Cet ouvrage « né de l’histoire et de l’imagination » – dixit Hindemith –, Olivier Py l’aborde en homme de théâtre chevronné, jouissant d’une débauche de décors – dont une chambre des coffres, subtilement désignée dans la sphère catholique, et un espace aux allures de stade, évocateur de tant de dictatures. Dans sa vision, XVIe et XXe siècles cohabitent, ainsi que dans l’esprit du peintre les visages du passé (incarnant les tentations du sixième tableau) avec ceux des créations en jachère. Tout est justifié, et, mis à part la scène de conversion d’Albrecht qui pèche par sa longueur originale, l’ennui n’a pas sa place ici.

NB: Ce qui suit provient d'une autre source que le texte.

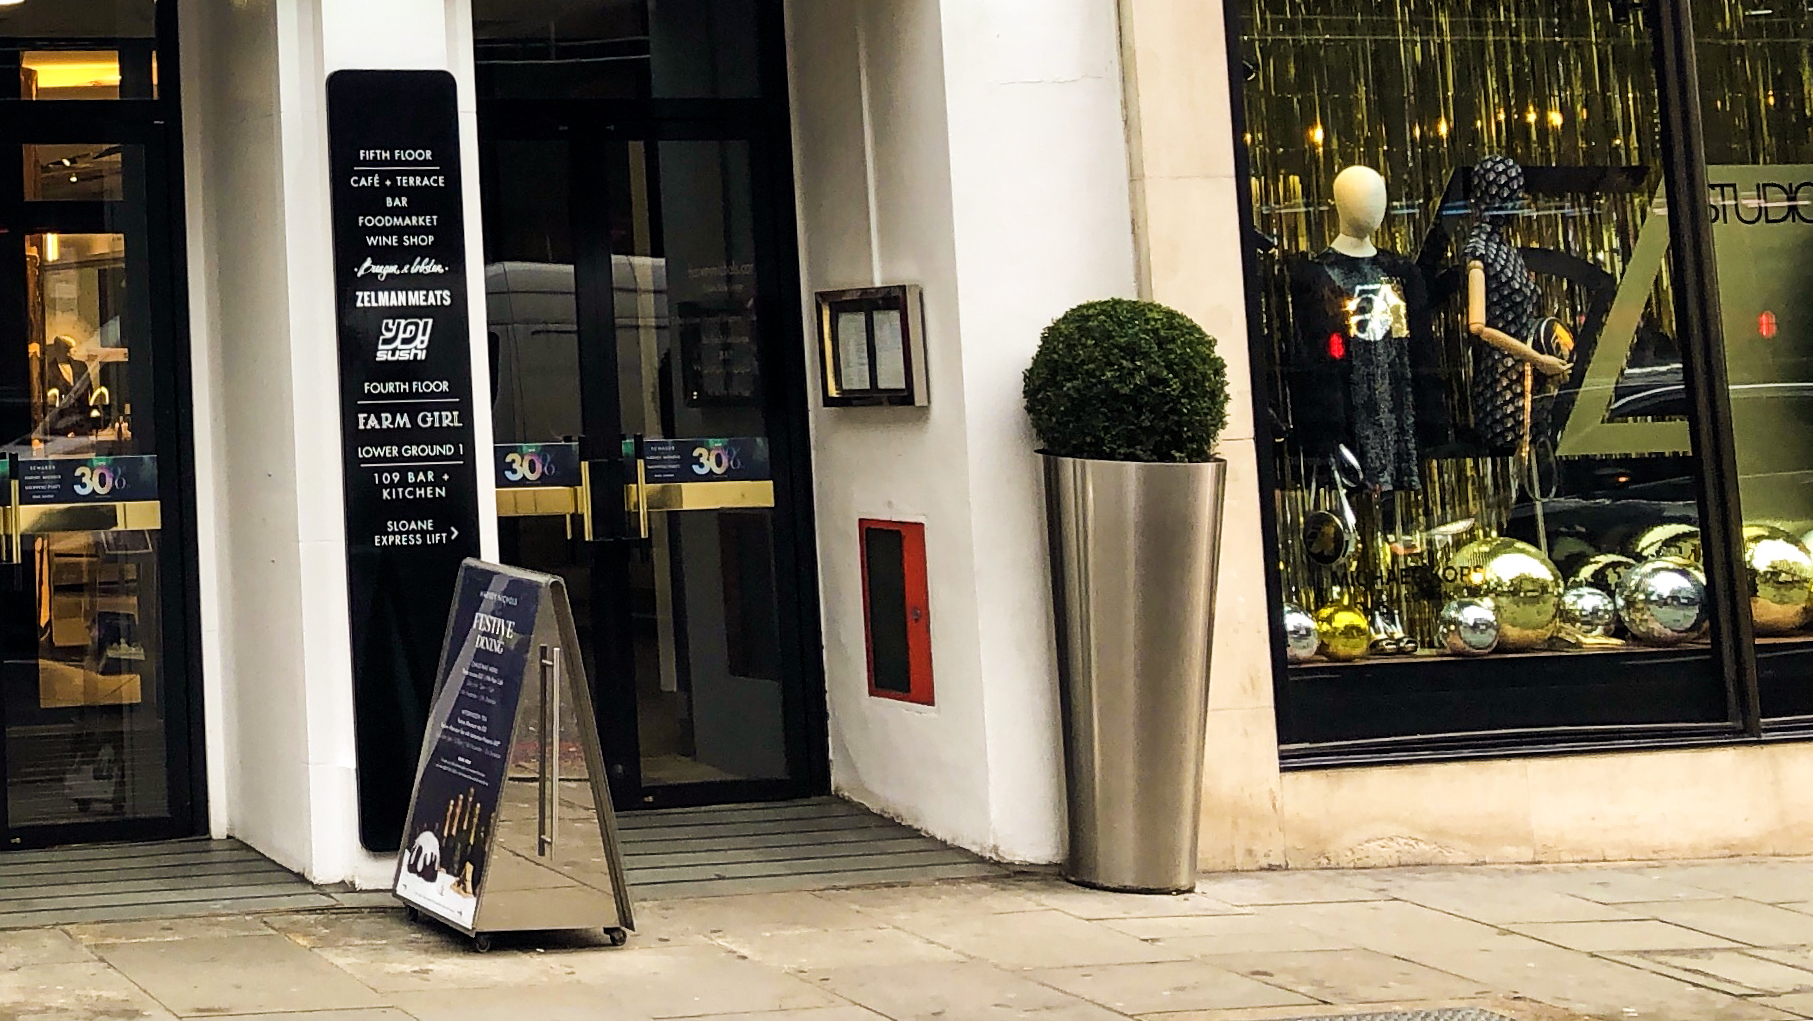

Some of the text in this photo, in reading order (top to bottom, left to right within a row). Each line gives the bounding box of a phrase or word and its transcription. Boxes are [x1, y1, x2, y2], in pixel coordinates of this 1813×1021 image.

[359, 149, 433, 161] FIFTH FLOOR
[350, 173, 380, 187] CAFÉ
[396, 175, 445, 187] TERRACE
[386, 196, 408, 208] BAR
[358, 215, 438, 227] FOODMARKET
[366, 235, 435, 247] WINE SHOP
[364, 381, 449, 394] FOURTH FLOOR
[358, 411, 463, 429] FARM GIRL
[358, 444, 464, 458] LOWER GROUND 1
[373, 472, 400, 484] 109
[408, 471, 434, 483] BAR
[382, 487, 446, 500] KITCHEN
[387, 520, 434, 531] SLOANE
[375, 533, 448, 546] EXPRESS LIFT
[473, 612, 515, 639] FESTIVE
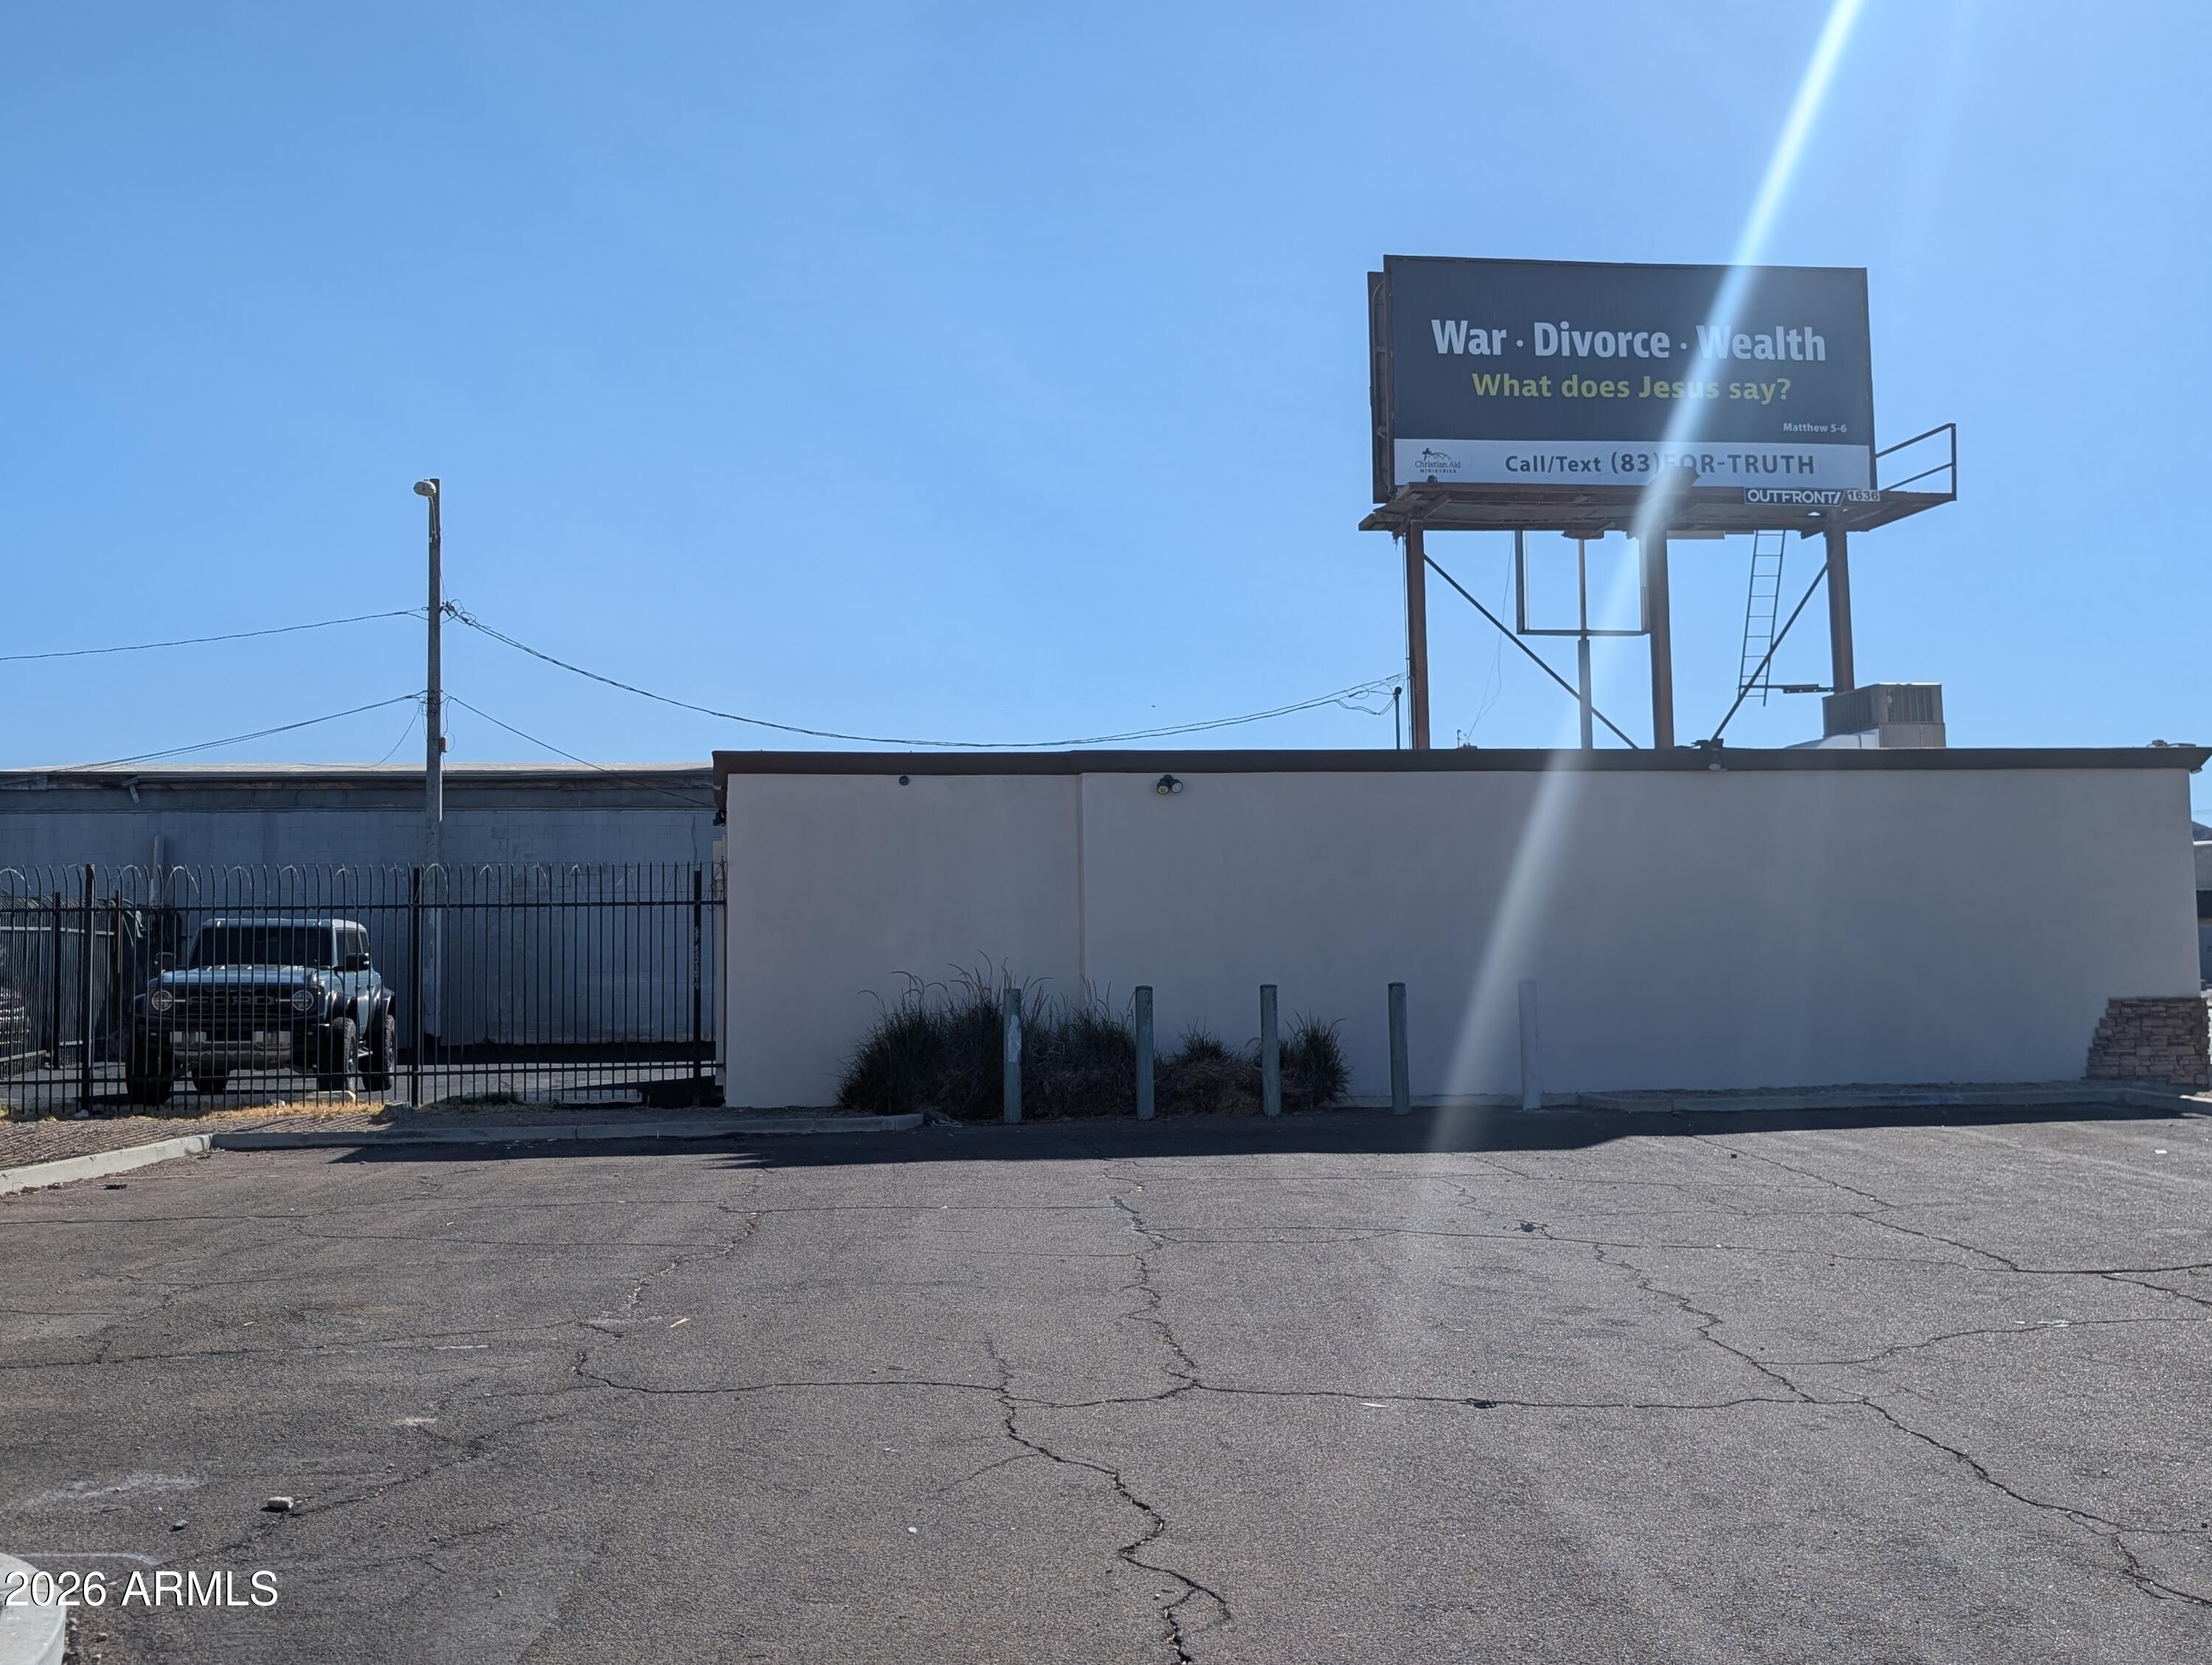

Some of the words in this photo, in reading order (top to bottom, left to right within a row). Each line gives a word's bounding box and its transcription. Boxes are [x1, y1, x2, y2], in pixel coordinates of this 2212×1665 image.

On s’étonnera toujours de l’engouement que provoque Matthias Goerne. Si le baryton a pour lui de défendre le répertoire récent (Berg, Henze, Reimann, Strauss), comment passer sous silence un chant inégal – tantôt mou, tantôt forcé –, monochrome et sans ciselure ? Tout chez lui sent l’effort, même s’il peut soudain se montrer lumineux, comme à l’extrême fin, lorsque la fosse murmure. En revanche, miroir du rôle-titre, Albrecht von Brandenburg trouve en Scott McAllister un interprète tout de richesse, rondeur et chaleur, teinté de délicatesse à mesure que sa foi évolue.

Certains de leurs partenaires sont particulièrement efficaces : les ténors Michael Weinius (Schwalb) et Wolfgang Ablinger-Sperrhacke (Capito) s’avèrent brillants et vaillants, tandis que les basses Thorsten Grümbel (Pommersfelden) et Gregory Reinhart (Riedinger) ont pour eux l’un sa couleur, l’autre sa sonorité. Martina Welschenbach (Regina) déçoit par son timbre métallique, à l’inverse du chant caressant, corsé et nuancé de Melanie Diener (Ursula), plus puissant qu’il ne paraît tout d’abord, et de celui de Nadine Weissmann (Gräfin von Helfenstein), onctueux et expressif.

À la tête de l’Orchestre de l’Opéra national de Paris, régulièrement salué par le public au retour des entractes, Christoph Eschenbach offre une lecture claire et droite de l’œuvre, non exempte de sensualité – les cordes sont moelleuses, les cuivres doux. Quant à lui, le Chœur profite des tensions entre communautés religieuses pour montrer sa vivacité et son dynamisme.